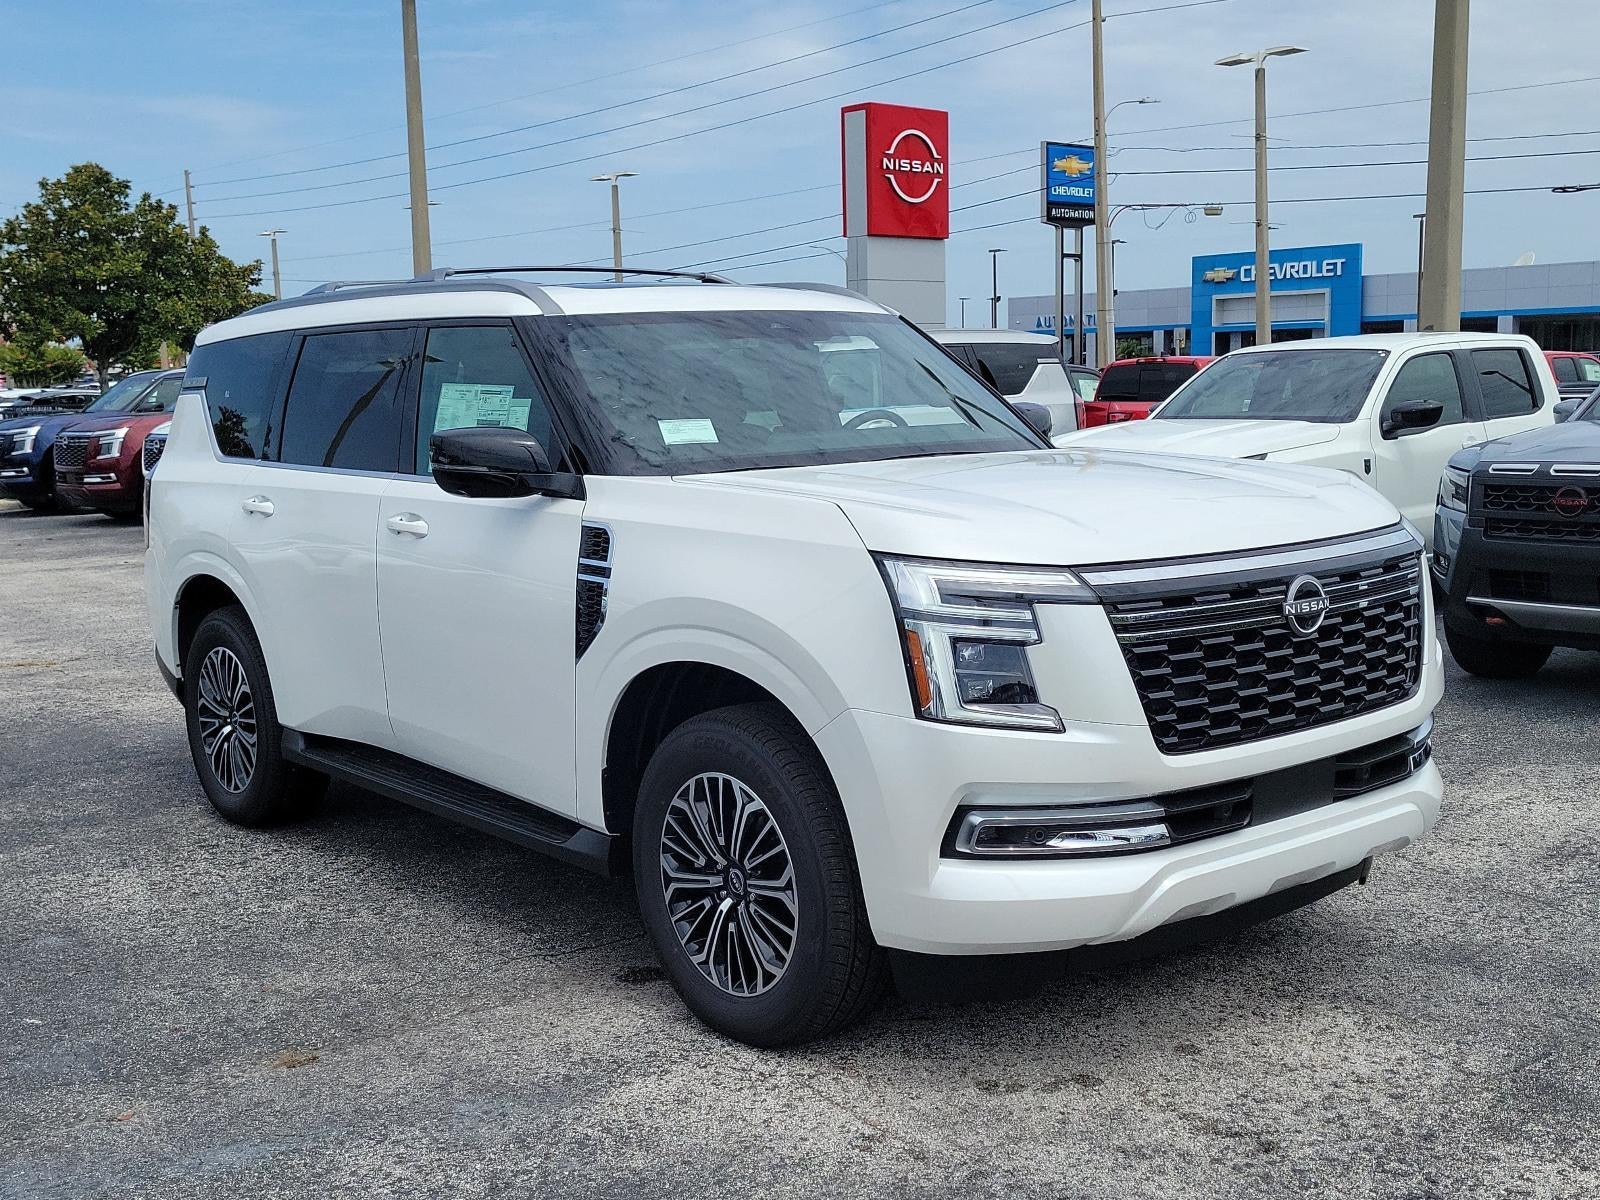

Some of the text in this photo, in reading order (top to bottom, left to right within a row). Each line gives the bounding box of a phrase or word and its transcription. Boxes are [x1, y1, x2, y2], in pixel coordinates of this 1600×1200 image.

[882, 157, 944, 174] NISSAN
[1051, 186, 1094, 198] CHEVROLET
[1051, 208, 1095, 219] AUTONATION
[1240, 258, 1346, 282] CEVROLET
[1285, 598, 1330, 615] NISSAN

> _Goal of the exercise_
For each record above, write out every line exactly and skip the pictures.

> _Answer to this task_
Some of the text in this photo, in reading order (top to bottom, left to right within a row). Each line gives the bounding box of a phrase or word and its transcription. Boxes are [x1, y1, x2, y2], in pixel coordinates of this 1600×1200 image.

[882, 157, 944, 174] NISSAN
[1051, 186, 1094, 198] CHEVROLET
[1051, 208, 1095, 219] AUTONATION
[1240, 258, 1346, 282] CEVROLET
[1285, 598, 1330, 615] NISSAN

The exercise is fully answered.